##### Data listing #####

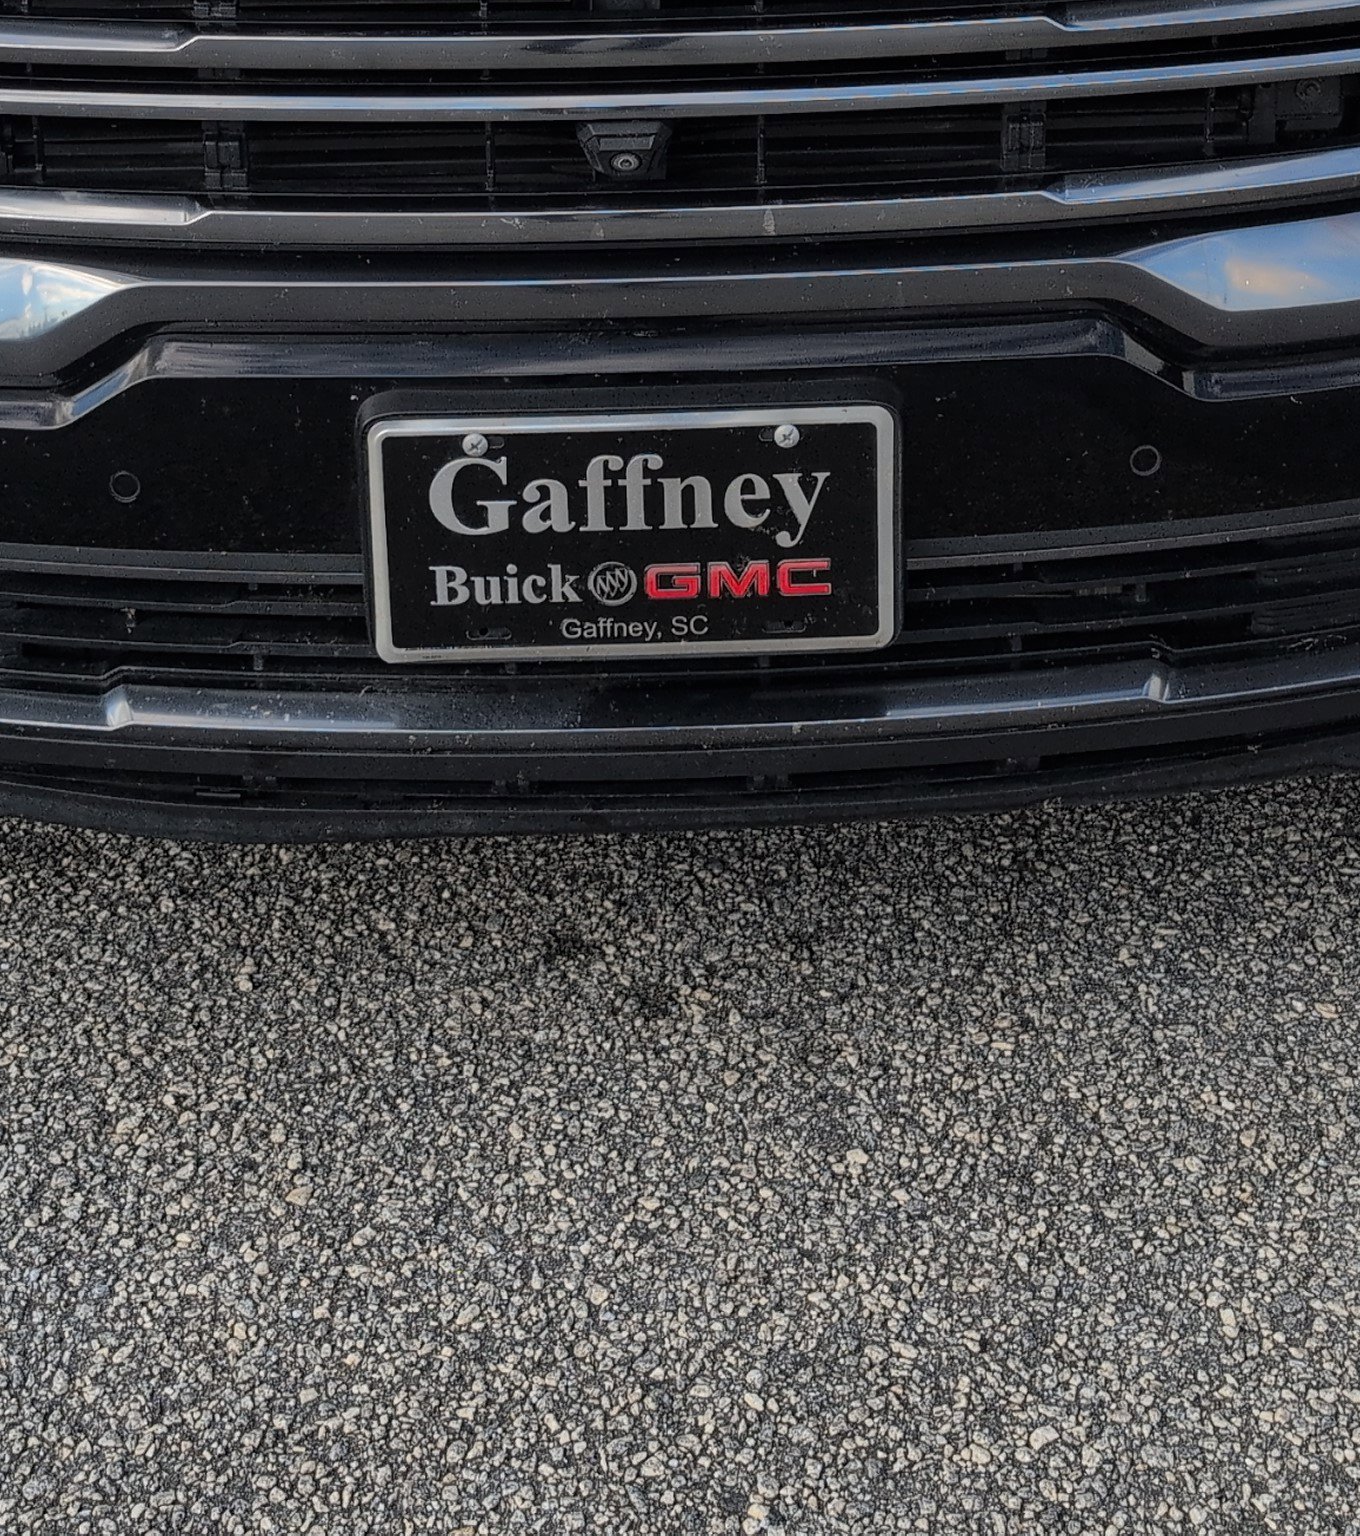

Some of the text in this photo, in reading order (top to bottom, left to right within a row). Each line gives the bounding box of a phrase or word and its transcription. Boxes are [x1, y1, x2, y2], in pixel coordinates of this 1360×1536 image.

[428, 453, 831, 548] Gaffney
[429, 557, 832, 607] Buick GMC
[560, 614, 710, 641] Gaffney, SC
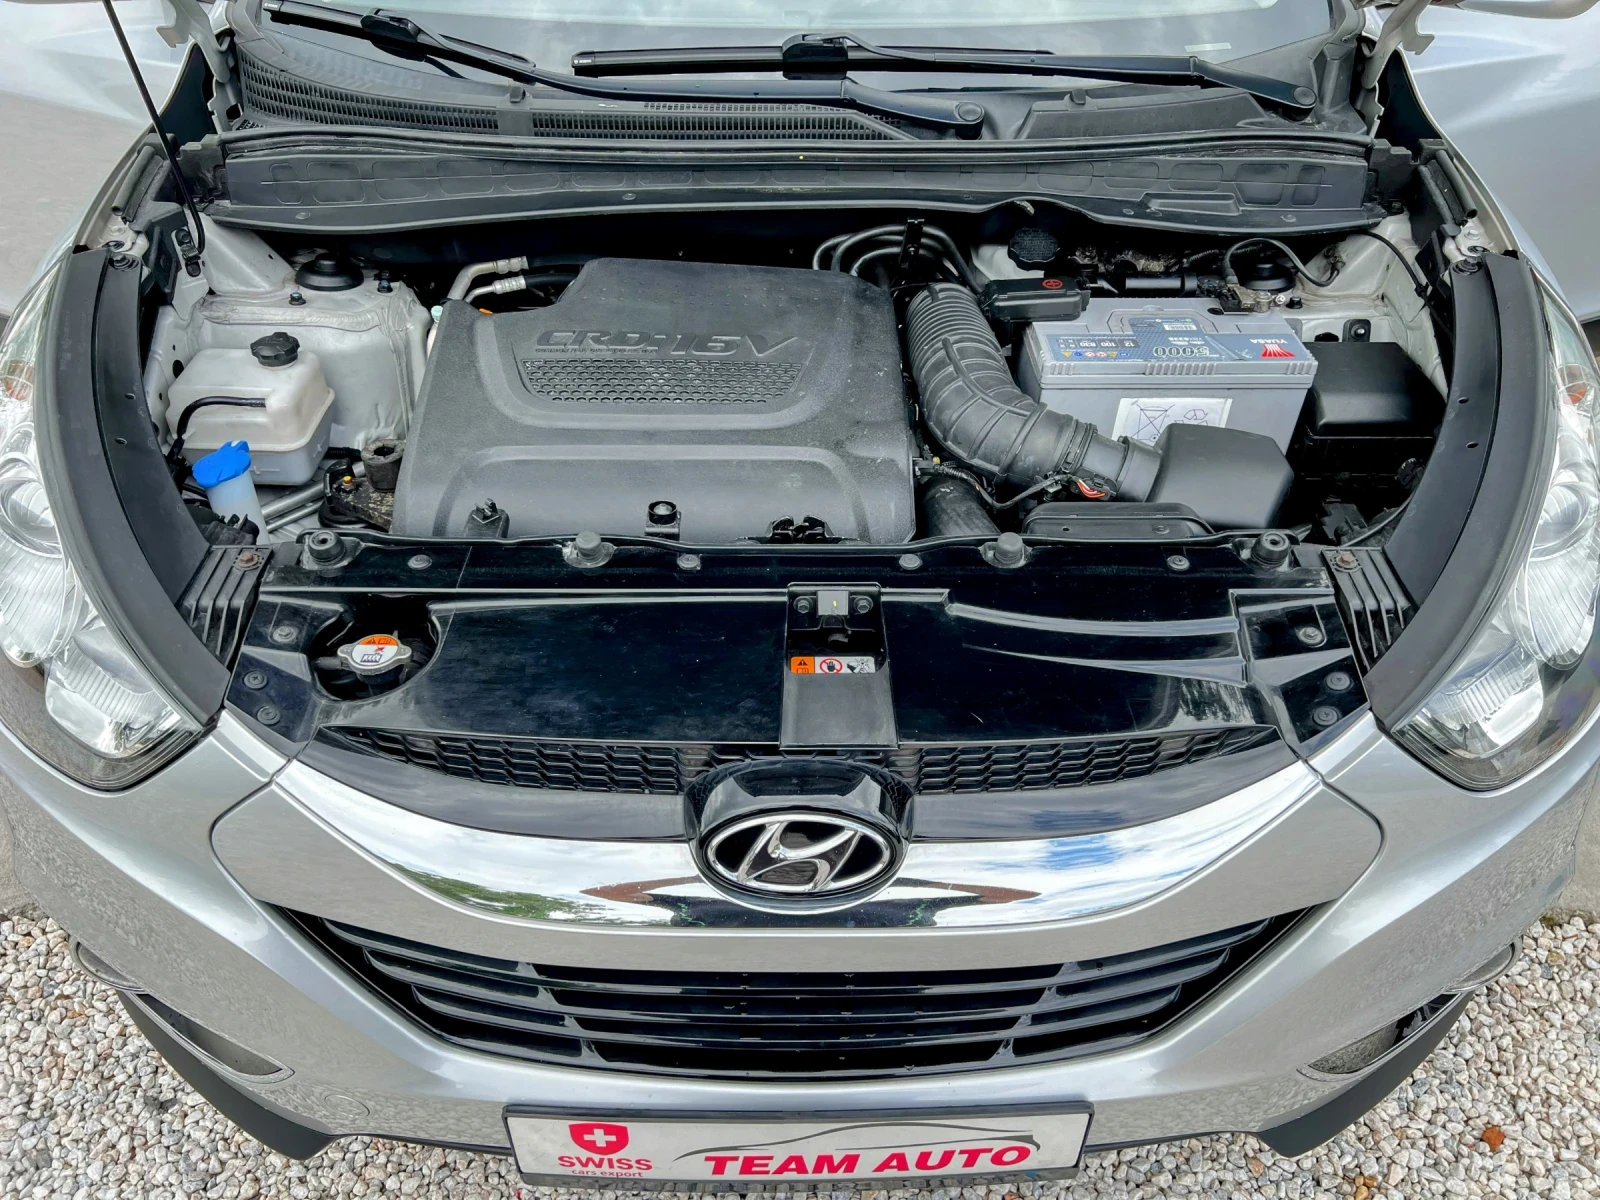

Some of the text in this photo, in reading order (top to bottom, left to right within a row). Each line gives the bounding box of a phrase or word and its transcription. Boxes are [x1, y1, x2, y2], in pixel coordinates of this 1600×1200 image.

#####

Omit the pictures and set down the records exactly.

### Solution to this exercise:
Some of the text in this photo, in reading order (top to bottom, left to right within a row). Each line gives the bounding box of a phrase or word and its transcription. Boxes are [x1, y1, x2, y2], in pixel coordinates of this 1360×1536 image.

[428, 453, 831, 548] Gaffney
[429, 557, 832, 607] Buick GMC
[560, 614, 710, 641] Gaffney, SC

Some of the text in this photo, in reading order (top to bottom, left to right within a row). Each line gives the bounding box of a phrase or word and its transcription. Boxes are [x1, y1, x2, y2], in pixel coordinates of this 1600×1200 image.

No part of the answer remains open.